(WHAT THE EXERCISE ASKS): Repeat every entry word for word; omit all pictures.

Free-text object descriptions:
————

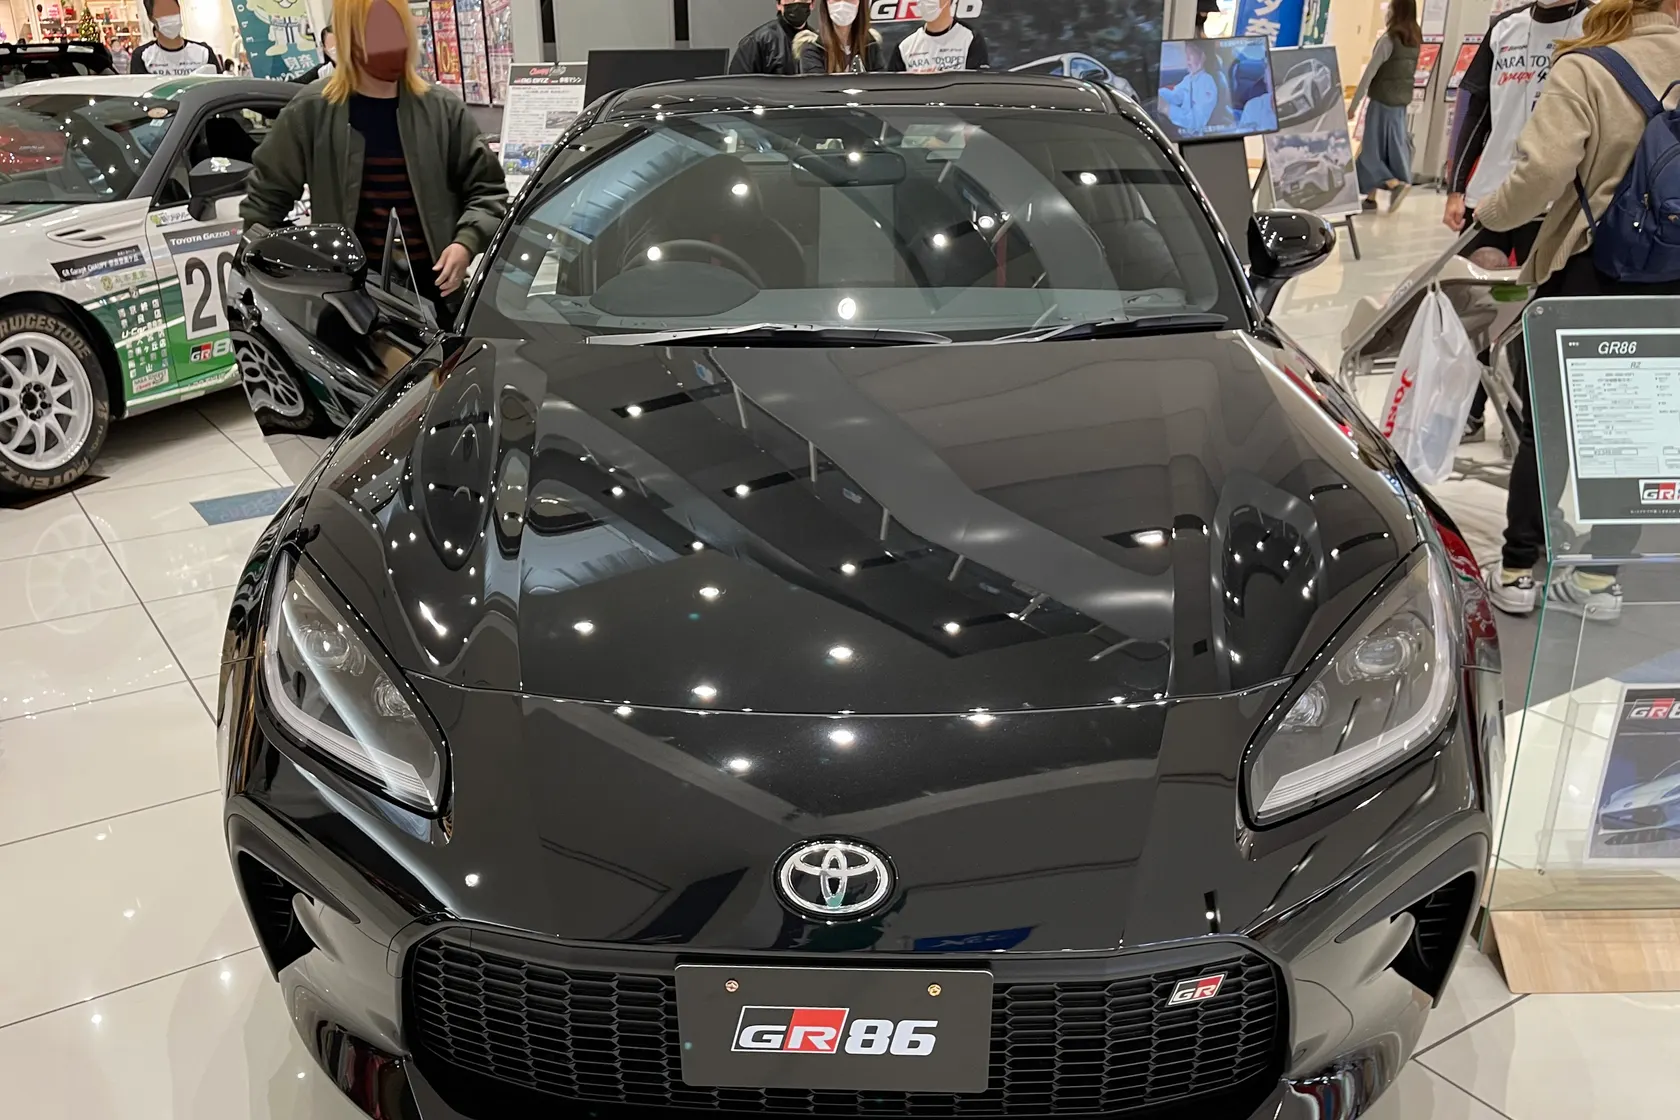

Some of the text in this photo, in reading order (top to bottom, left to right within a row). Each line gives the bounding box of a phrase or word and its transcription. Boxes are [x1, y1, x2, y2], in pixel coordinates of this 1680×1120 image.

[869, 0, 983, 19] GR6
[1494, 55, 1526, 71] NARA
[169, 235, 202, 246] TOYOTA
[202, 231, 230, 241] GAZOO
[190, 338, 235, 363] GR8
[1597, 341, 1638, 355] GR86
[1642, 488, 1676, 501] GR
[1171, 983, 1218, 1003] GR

————

(REPLY):
Some of the text in this photo, in reading order (top to bottom, left to right within a row). Each line gives the bounding box of a phrase or word and its transcription. Boxes are [x1, y1, x2, y2], in pixel coordinates of this 1680×1120 image.

[869, 0, 983, 19] GR6
[1494, 55, 1526, 71] NARA
[169, 235, 202, 246] TOYOTA
[202, 231, 230, 241] GAZOO
[190, 338, 235, 363] GR8
[1597, 341, 1638, 355] GR86
[1642, 488, 1676, 501] GR
[1171, 983, 1218, 1003] GR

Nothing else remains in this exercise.